I "hate" how amazing they are as cutters.


----------



## Smurfmacaw (May 30, 2016)

I dislike what they have done to my "fun" account balance...


----------



## DanHumphrey (May 30, 2016)

I hate that the grinds are often asymmetrical, even when they don't need to be (like 70/30 gyutos). I hate the way ho/horn handles look. I hate how the ones I want are out of stock...

Hey, there's plenty of Wusthofs out there for you!


----------



## LifeByA1000Cuts (May 30, 2016)

Mincing in cross chopping technique (with hand above tip) is one of the few situations where I rather have something more western, OR a thick Thai cleaver. I guess every knife takes damage from it - edge gets twisted in tip area, even worse if it gets caught in a rough cutting board - and there is quite a temptation to use the tip hand to really mean business regarding leverage. That kind of damage you want to rather keep far away from harder knives...

...

I find wa handles great on knives that are designed and balanced for pinch grip, where they serve as great handrests and counterweights. Not grips.

...

Hate how you slide into "hell is other people's cutlery" - you feel really clumsy with western-standard stuff in others kitchens, probably because you learn a different (lower) acceptable level of force required, and your "stop what you doing and check why the knife binds, if you force it on you will damage it or injure yourself." alarm kicks in often...


----------



## panda (May 30, 2016)

i dislike american and european knives. they have crap grind and steel and profile and slippery flashy handles


----------



## CoqaVin (May 30, 2016)

agreed Panda panda panda panda


----------



## MAS4T0 (May 30, 2016)

I dislike the asymmetry - it means that as a lefty I have to custom order to get the best out of the knives (which brings wait time and usually a surcharge).

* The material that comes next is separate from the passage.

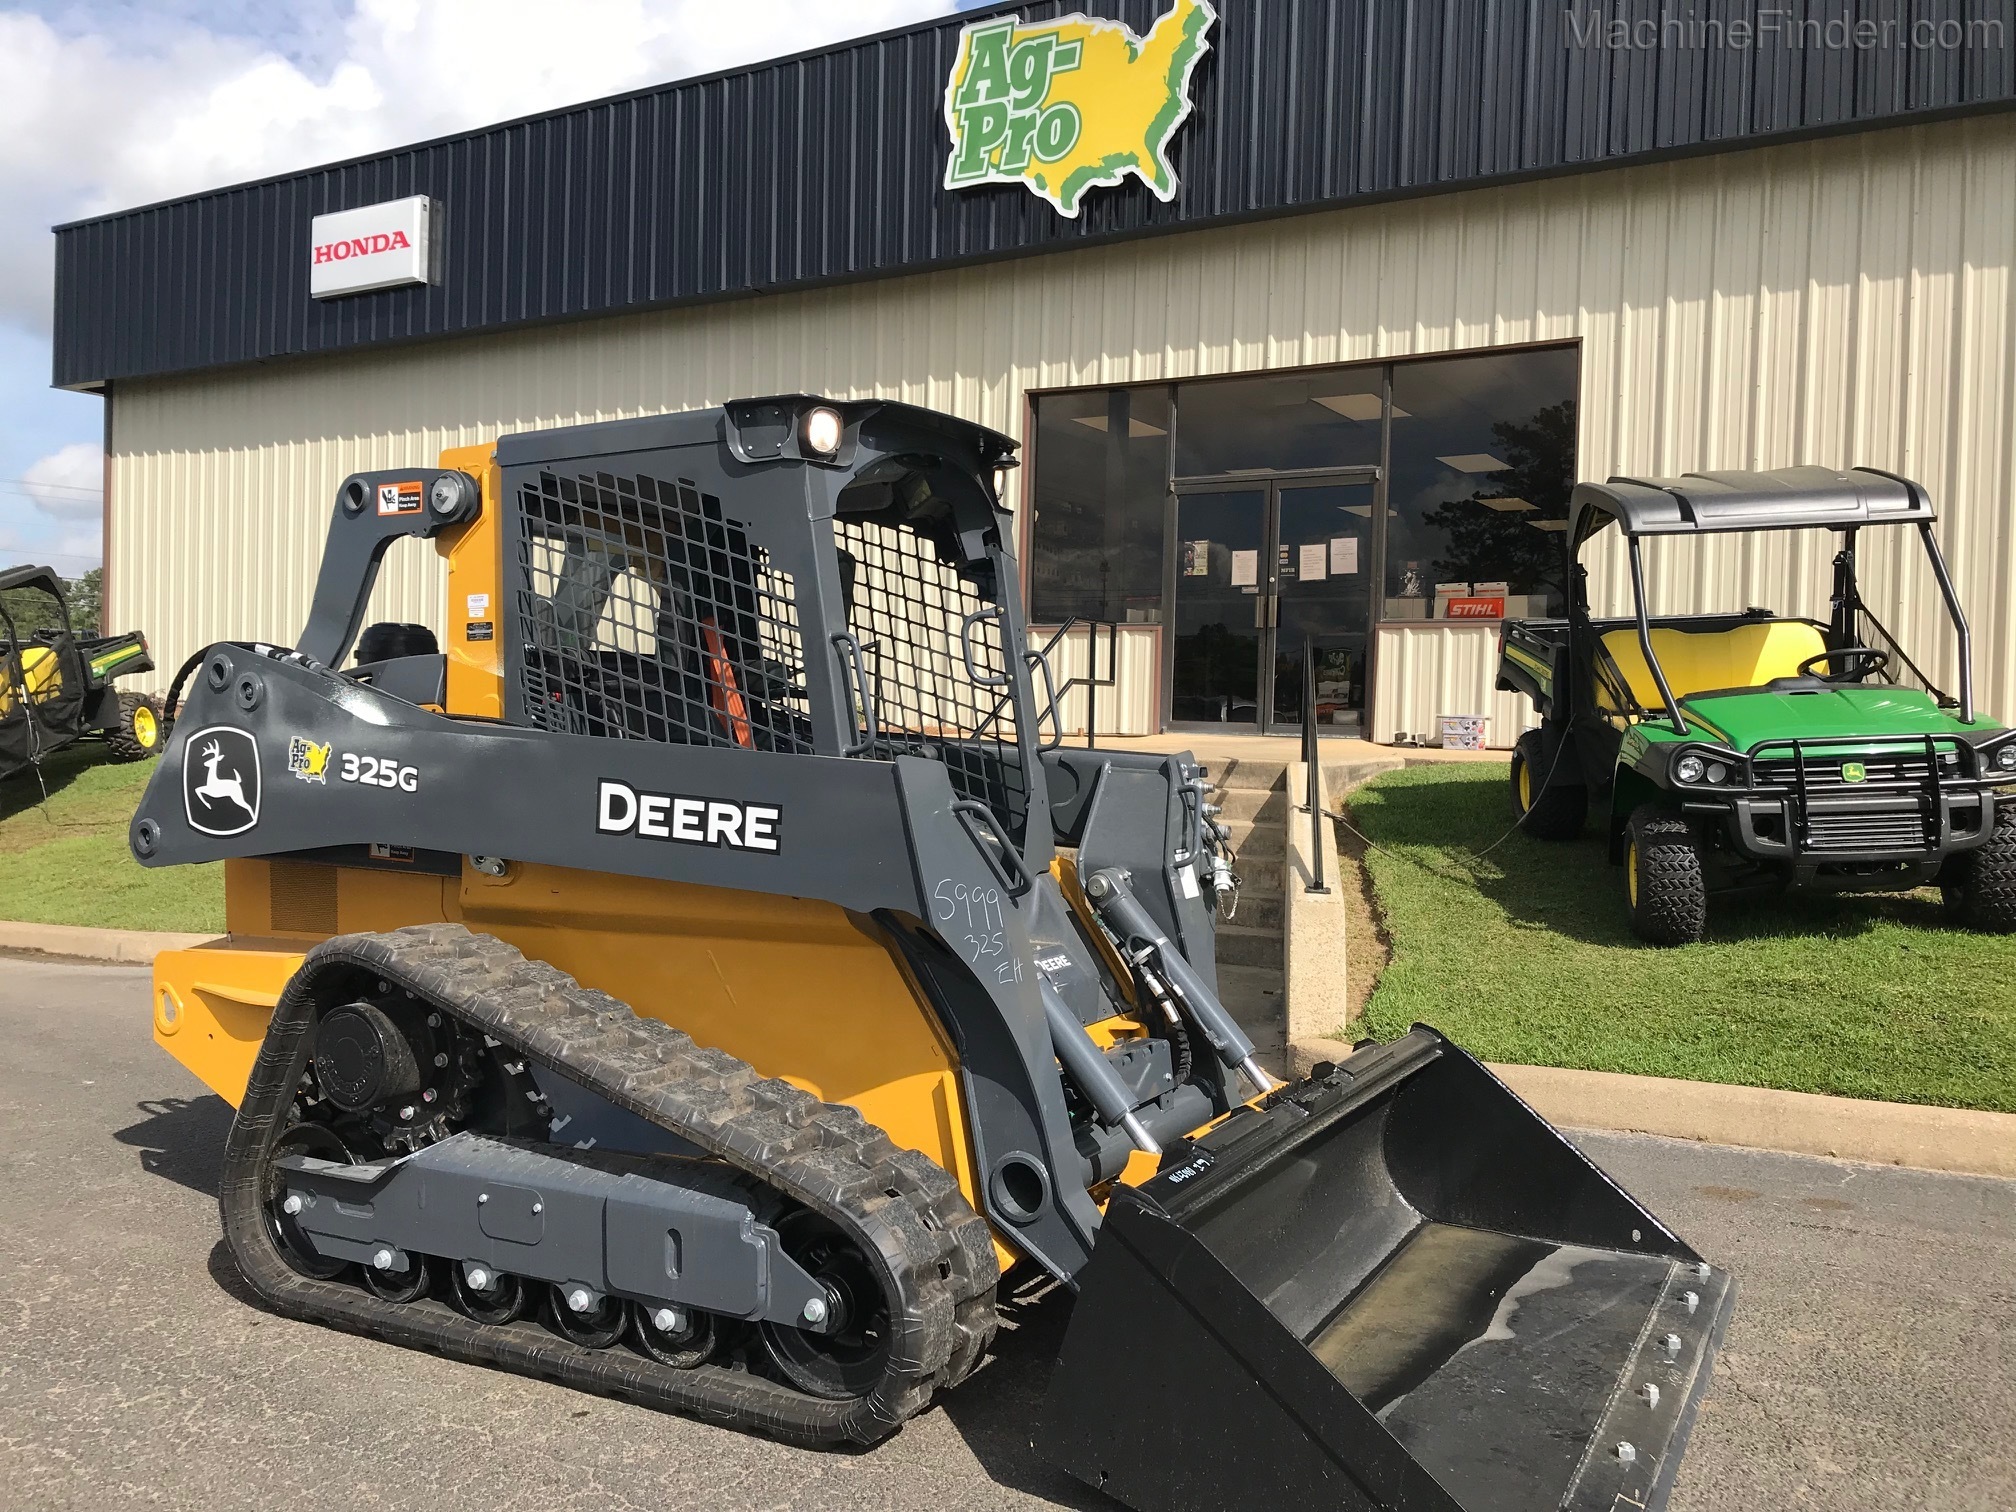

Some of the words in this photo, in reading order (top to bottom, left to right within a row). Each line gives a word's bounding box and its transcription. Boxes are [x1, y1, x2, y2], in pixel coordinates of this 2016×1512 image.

I've never had any issues with chipping on any knife.


----------



## LeperoftheFaith (May 30, 2016)

Grinds and steel types aside, I find that I reach for wa handled knives much more. I'm probably in the minority, but I constantly change my grip depending on the prep. Wa handled knives give more options to me since the handle and neck length allow for more area to grip the knife.


----------



## aboynamedsuita (May 30, 2016)

MAS4T0 said:


> I dislike the asymmetry - it means that as a lefty I have to custom order to get the best out of the knives (which brings wait time and usually a surcharge).
> 
> I've never had any issues with chipping on any knife.



+1

I've encountered slight microchips but not "chips"


----------



## AllanP (May 30, 2016)

I don't think one can really generalize "Japanese Knives" like that

I mean a Kato is not exactly similar to a Ginga which is not similar to a Moritaka, or a Global etc etc.


----------



## brainsausage (May 30, 2016)

Who dislikes ad hominems?


----------



## panda (May 30, 2016)

I like hominy gritz


----------



## spoiledbroth (May 31, 2016)

someone show me proof of how "fragile" their knives are... I've always felt the same way but I've dropped knives more often than I'd like to admit and have been quite surprised at the results.


----------



## Mute-on (May 31, 2016)

I don't dislike Japanese knives. Then again, I'm not massively impatient, instant gratification obsessed or heavy handed with delicate objects. 

YMMV of course


----------



## LifeByA1000Cuts (May 31, 2016)

70/30 plus wa handle taught me incredibly quickly to lose the hammer grip


----------



## Godslayer (May 31, 2016)

Where the f does the hammer grip even come from. I don't get it?


----------



## ThEoRy (May 31, 2016)

Hammers. It comes from hammers.


----------



## strumke (May 31, 2016)

Godslayer said:


> Where the f does the hammer grip even come from. I don't get it?


----------



## brainsausage (May 31, 2016)

strumke said:


>



Truth. In more ways than one...


----------



## Benuser (Jun 2, 2016)

My best European knives perform better if sharpened slightly asymmetric. What I love is the choice in steel types, great F&F and good prices, especially if my local custom officers don't apply the VAT regulations.


----------



## Chunkybobcat84 (Jun 3, 2016)

I was about to say I only own 1 then I realised that the silver fox's count (globals) so I technically own 4. But I count all as Westernised because of the handles etc.
But the craftsmanship that has gone into all of them just blows away western ones (wusthof eps shapering. ... great you got your machines to be more accurate with its sharpening angle well done you! )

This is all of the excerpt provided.